=== Begin Enclosure ===

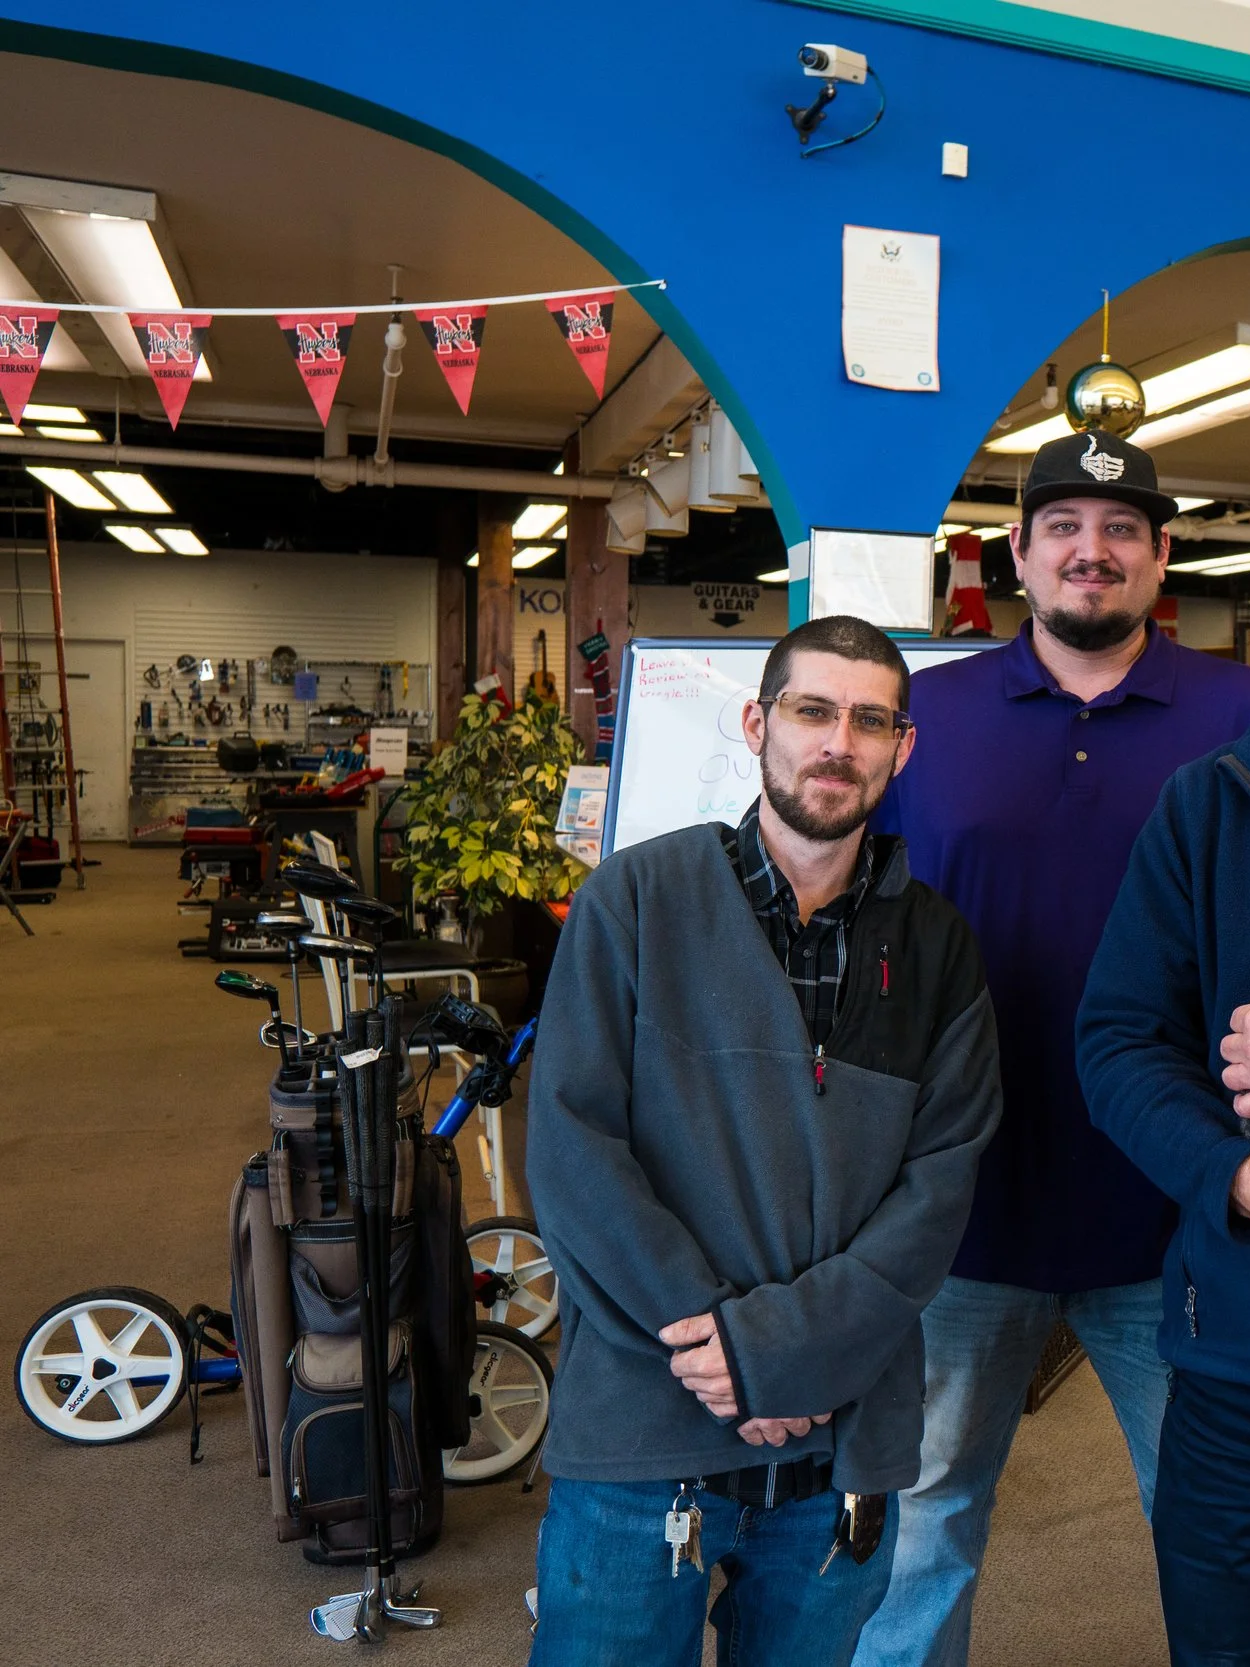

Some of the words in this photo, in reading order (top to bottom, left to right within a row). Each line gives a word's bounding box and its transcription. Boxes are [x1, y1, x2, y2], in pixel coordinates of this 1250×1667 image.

[564, 301, 606, 342] N
[147, 322, 194, 364] N
[149, 332, 194, 354] Huskers
[296, 322, 341, 364] N
[433, 314, 475, 355] N
[304, 367, 338, 377] NEBRASKA
[442, 359, 474, 369] NEBRASKA
[154, 369, 190, 379] NEBRASKA
[693, 584, 760, 599] GUITARS
[520, 588, 566, 614] KO
[699, 598, 708, 610] &
[713, 599, 754, 611] GEAR
[640, 657, 676, 671] Leave
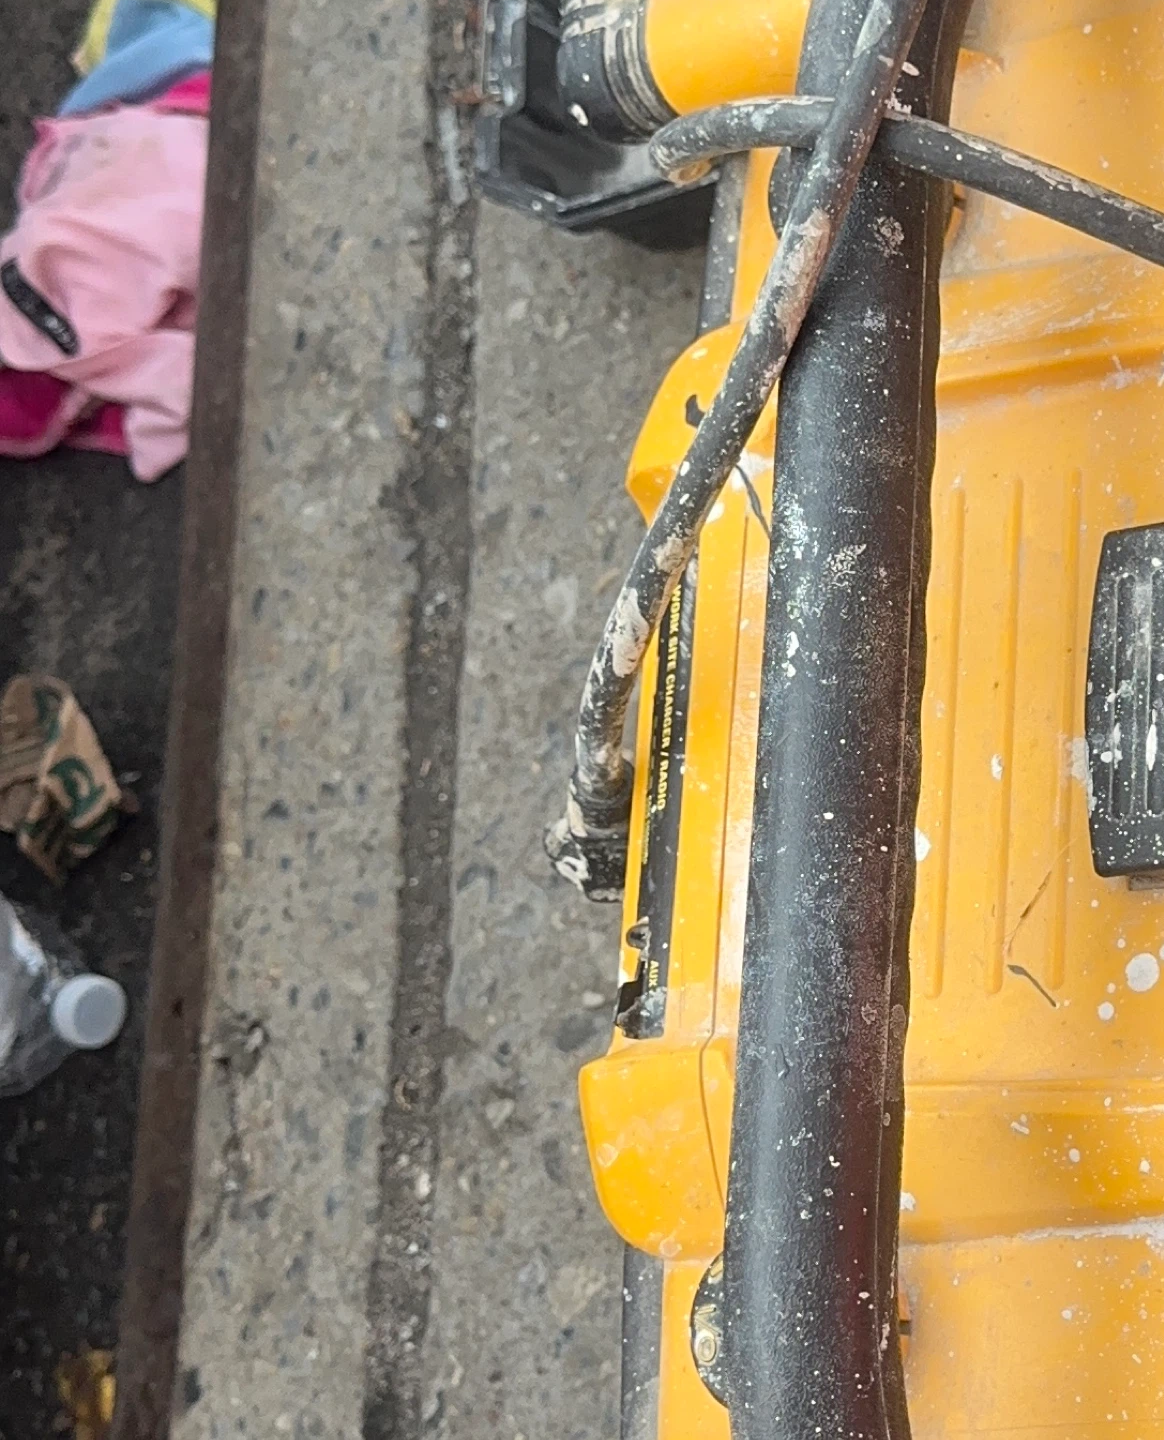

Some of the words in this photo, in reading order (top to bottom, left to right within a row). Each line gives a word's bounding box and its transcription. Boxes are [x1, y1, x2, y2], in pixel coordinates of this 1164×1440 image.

[669, 585, 682, 635] WORK
[666, 637, 679, 671] SITE
[661, 673, 677, 748] CHARGER
[656, 760, 669, 811] RADIO
[648, 960, 660, 988] AUX

=== End Enclosure ===

▶ _What you need to do_: Repeat the lines above, from the one containing "this 1164×1440 image." to the final line, word for word and with nothing else.

▶ _Written solution_:
Some of the words in this photo, in reading order (top to bottom, left to right within a row). Each line gives a word's bounding box and its transcription. Boxes are [x1, y1, x2, y2], in pixel coordinates of this 1164×1440 image.

[669, 585, 682, 635] WORK
[666, 637, 679, 671] SITE
[661, 673, 677, 748] CHARGER
[656, 760, 669, 811] RADIO
[648, 960, 660, 988] AUX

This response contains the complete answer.